━━ Data shown
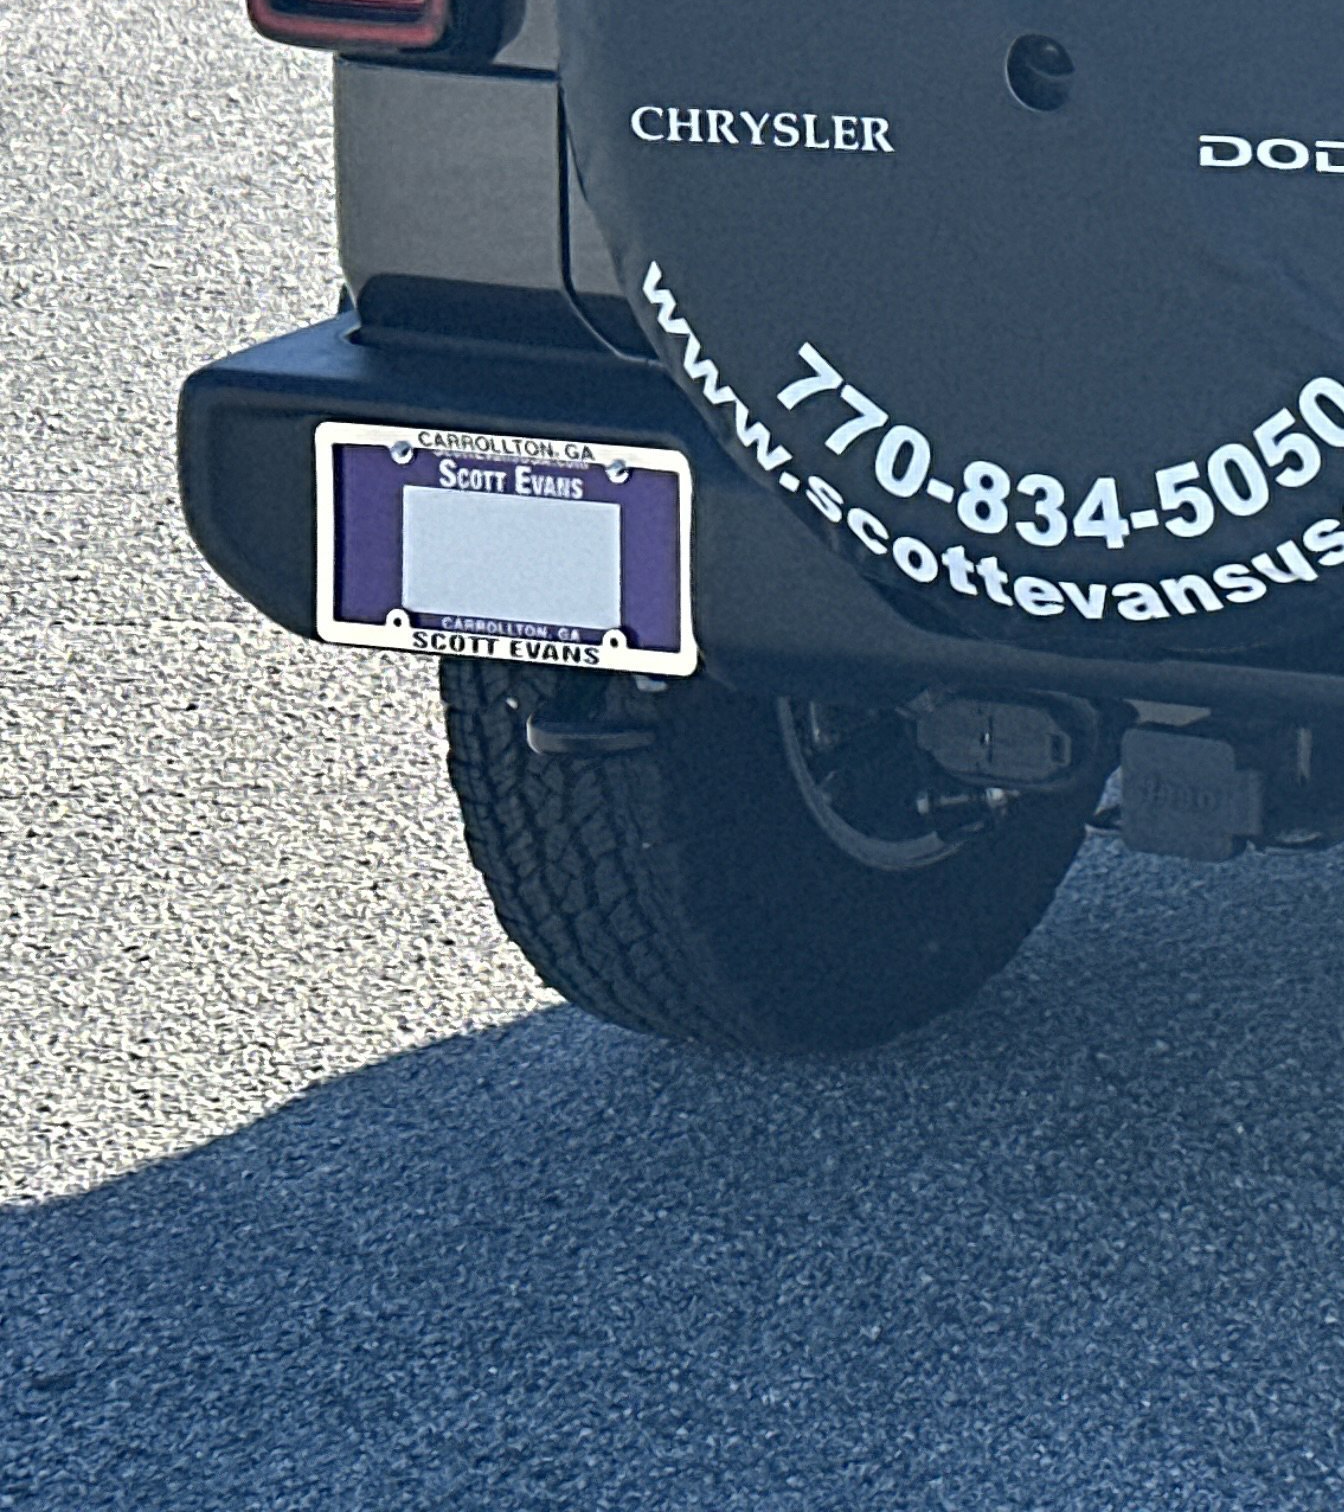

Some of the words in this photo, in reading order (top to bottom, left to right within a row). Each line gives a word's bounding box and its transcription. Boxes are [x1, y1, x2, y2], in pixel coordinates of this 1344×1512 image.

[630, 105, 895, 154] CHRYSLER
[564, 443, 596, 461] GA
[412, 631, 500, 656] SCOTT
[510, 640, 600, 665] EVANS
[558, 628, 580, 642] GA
━━━━
Your goal: A faithful, word-for-word version of the records above is needed, with no images in it.

Answer to this task:
Some of the words in this photo, in reading order (top to bottom, left to right within a row). Each line gives a word's bounding box and its transcription. Boxes are [x1, y1, x2, y2], in pixel coordinates of this 1344×1512 image.

[630, 105, 895, 154] CHRYSLER
[564, 443, 596, 461] GA
[412, 631, 500, 656] SCOTT
[510, 640, 600, 665] EVANS
[558, 628, 580, 642] GA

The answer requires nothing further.